Shelby Dodson believes his vaccine hesitancy is unfairly being used against him. Dodson, who lives in Santa Rosa, was in line for a job with Eden Housing, an organization that develops or acquires homes for low-income qualifiers. His start date was Aug. 2. His compensation, he said, would include a complimentary two-bedroom apartment for him and his girlfriend. Then Eden Housing asked for proof of vaccination, a requirement Dodson could not meet.
“I’m a person who believes I should live for life, liberty and the pursuit of happiness,” he said, “which is literally what this country was built on. Or what it says it was built on.”

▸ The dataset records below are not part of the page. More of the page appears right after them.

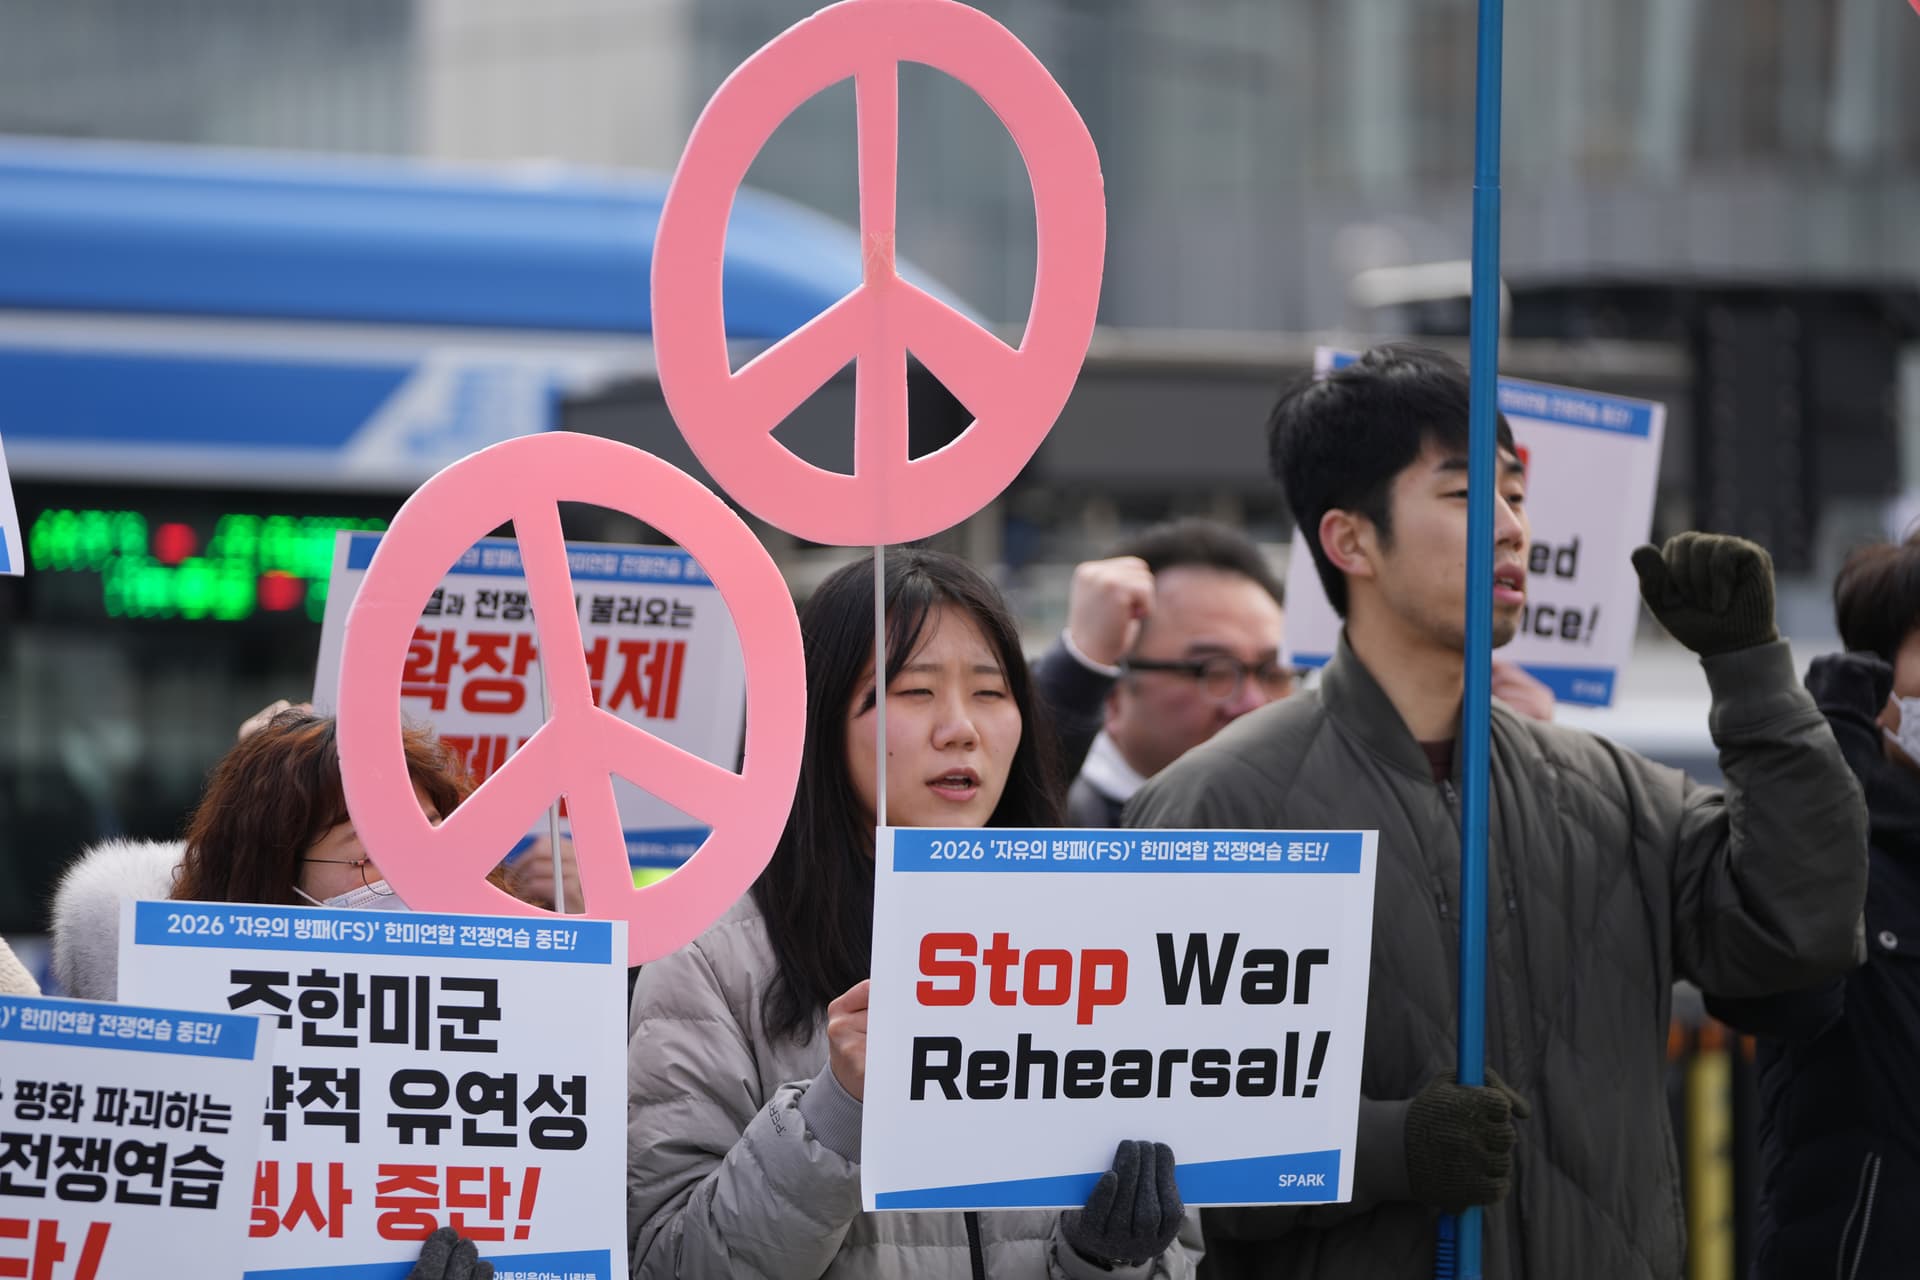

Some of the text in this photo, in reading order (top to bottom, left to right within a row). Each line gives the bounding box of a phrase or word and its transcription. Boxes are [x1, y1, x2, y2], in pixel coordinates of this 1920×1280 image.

[589, 593, 695, 629] 불러오는
[930, 839, 1329, 862] 2026 '자유의 방패(FS)' 한미연합 전쟁연습 중단!
[167, 913, 577, 950] 2026 '자유의 방패(FS)' 한미연합 전쟁연습 중단!
[916, 932, 1329, 1025] Stop War
[20, 1006, 96, 1035] 한미연합
[98, 1013, 173, 1041] 전쟁연습
[176, 1020, 222, 1045] 중단!
[227, 968, 501, 1053] 주한미군
[910, 1031, 1331, 1100] Rehearsal!
[14, 1080, 232, 1134] 평화 파괴하는
[387, 1068, 588, 1150] 유연성
[0, 1131, 225, 1209] 전쟁연습
[1278, 1173, 1326, 1187] SPARK
[375, 1163, 541, 1241] 중단!

Dodson’s reluctance to get vaccinated comes from many angles. He’s 38, 6-foot-5 and 240 pounds, and, as he put it, “super athletic and very healthy.” A 14-year military veteran who contracted COVID-19 at least once over the past 18 months, Dodson feels protected. Reports of negative responses to vaccine shots trouble him, and he believes vaccine mandates are created for political cover, not safety.
Also underlying Dodson’s unease is an abiding suspicion of the U.S. government and how it has treated Black Americans in the past. He is biracial.
“I’ll be very blunt,” Dodson said. “Our country has built most of its medical field on the backs of people who are African American. They spent a lot of time developing and processing things, and testing them on people of color.”
No intention of getting vaccinated
None of Dodson’s close friends or family members have any intention of getting vaccinated, he said.
While such mistrust can be hard to overcome, it’s not impossible. Despite early skepticism, an ABC News/Washington Post poll found that, by April, more African American respondents (75%) were already vaccinated or inclined in that direction than white respondents (72%).